CHANT D’OISEAUX DANS UN PAYSAGE DE BATAILLE
Depuis qu’il a éclaté il y a
une trentaine d’années, le conflit en Irlande du Nord a largement
contribué à ce triste répertoire d’images télévisées sur la
violence, l’échec politique et la perte de vies humaines. Et
la fiction du grand et du petit écran en a fait tout naturellement
un de ses thèmes. Deux des films produits pour la télévision
anglaise sont au centre de cet article, à savoir Contact
et Elephant, réalisés par Alan Clarke (1935 – 1990).
Héritier de la tradition du free cinema des années cinquante
et soixante, Clarke fait partie de ces cinéastes britanniques
préoccupés par les questions émergeantes de leur contexte social
immédiat. La délinquance juvénile, la peine de mort, le chômage,
l’inceste, le racisme et la corruption font partie des sujets
que le metteur en scène a abordés dans des films tels To
Encourage the Others (1972), Penda’s Fen (1974),
Diane (1975), Scum (1977 et 1979), Beloved
Enemy (1980) ou Road (1987). Leurs protagonistes
sont très souvent des exclus de la société industrielle contemporaine
- des sans-abri, des chômeurs, des jeunes défavorisés comme
le skinhead Trevor dans Made in Britain (1983) ou des
hooligans dans The Firm (1988).
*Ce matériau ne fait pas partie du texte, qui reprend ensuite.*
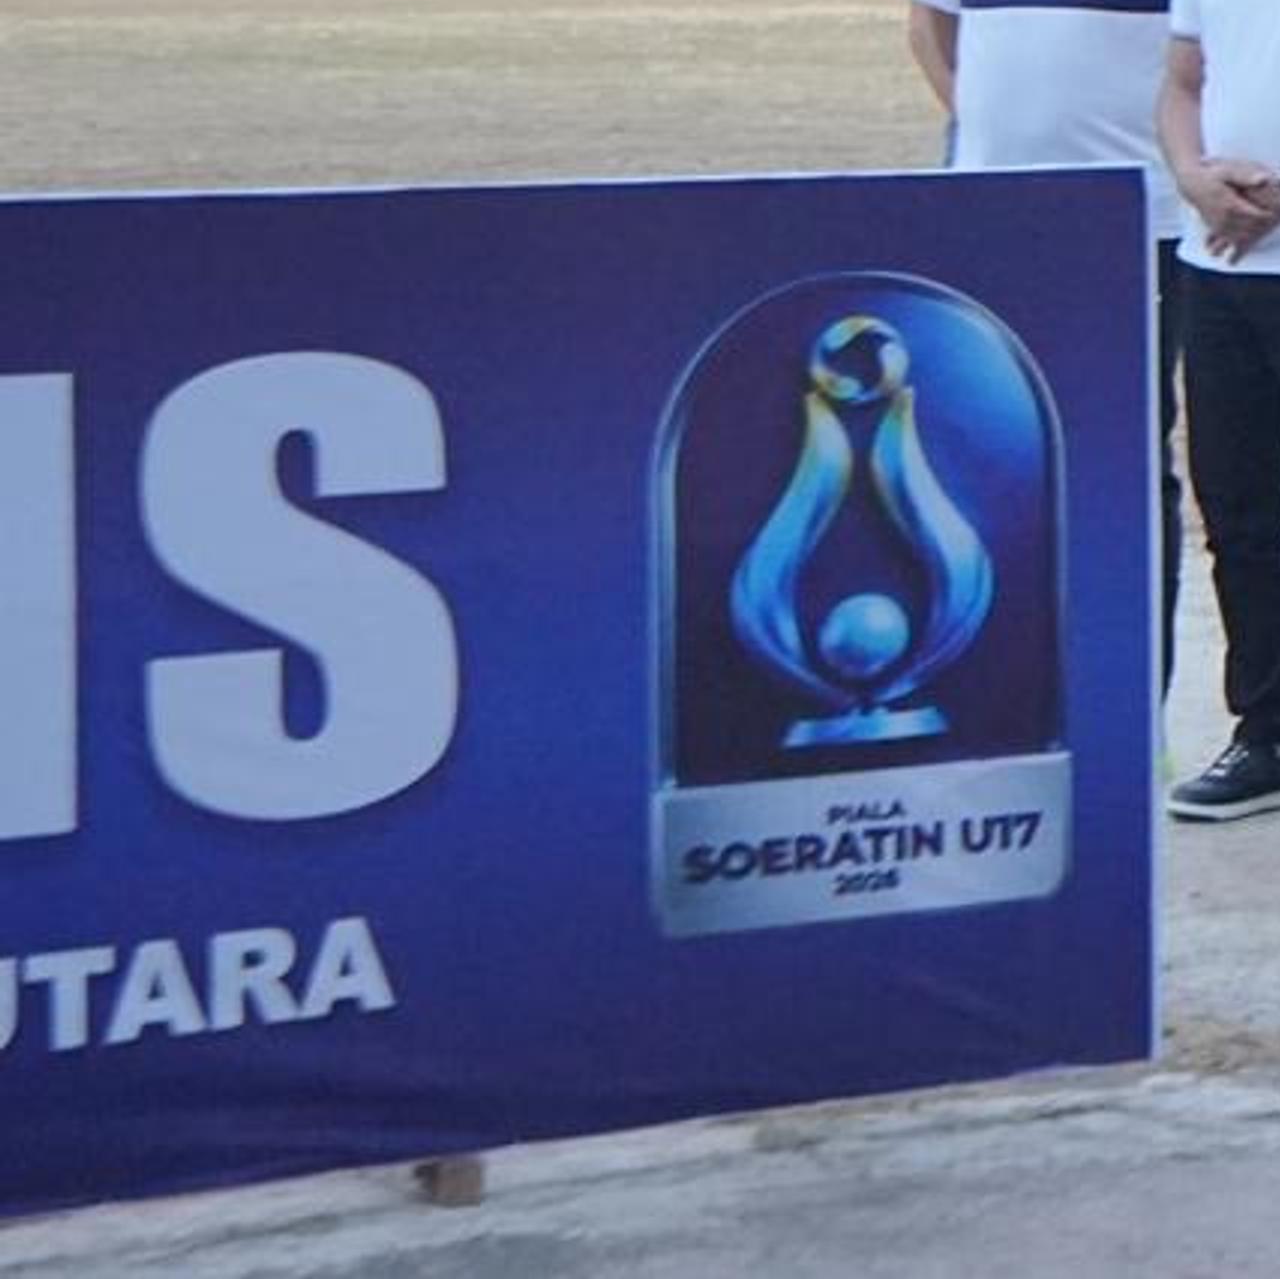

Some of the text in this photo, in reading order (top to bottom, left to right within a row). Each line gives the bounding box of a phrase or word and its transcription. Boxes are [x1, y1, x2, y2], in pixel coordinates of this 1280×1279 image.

[827, 800, 907, 825] PIALA
[682, 811, 1043, 884] SOERATIN U17
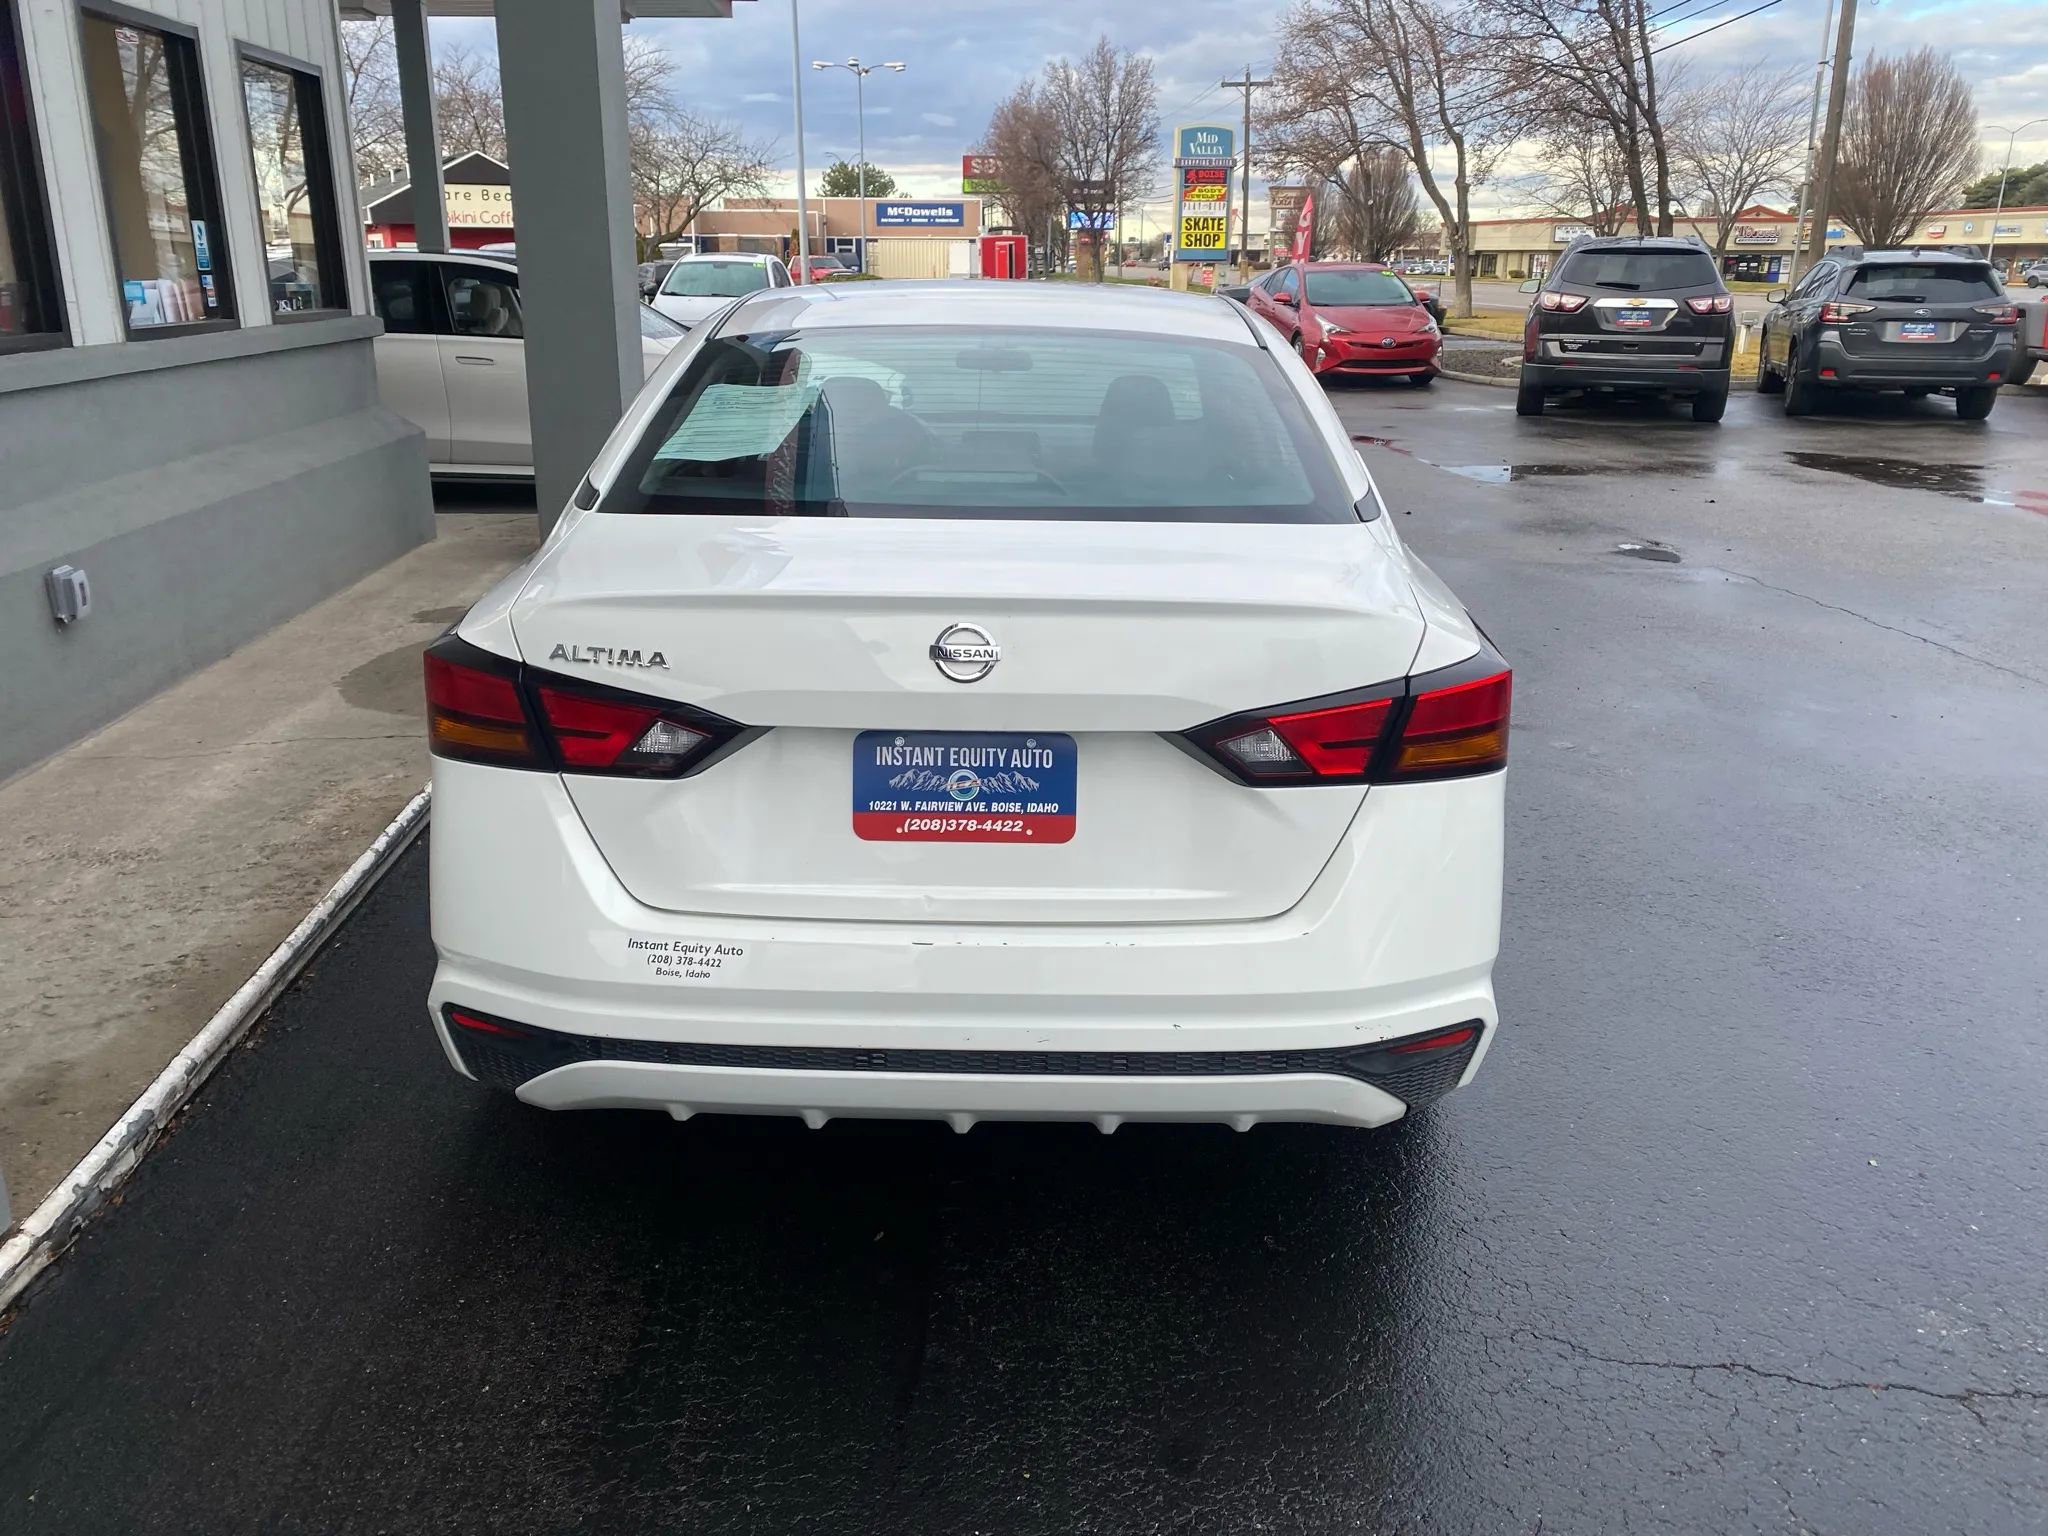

Dans la trentaine de
films qu’il a tournés depuis le début des années soixante-dix,
le réalisateur pose un regard critique et sans complaisance
sur son environnement culturel, un regard qui révèle les zones
d’ombres au sein de la société britannique dans des films qui
accordent la parole à ses laissés-pour-compte et qui vont à
l’encontre de l’idéologie politique dominante.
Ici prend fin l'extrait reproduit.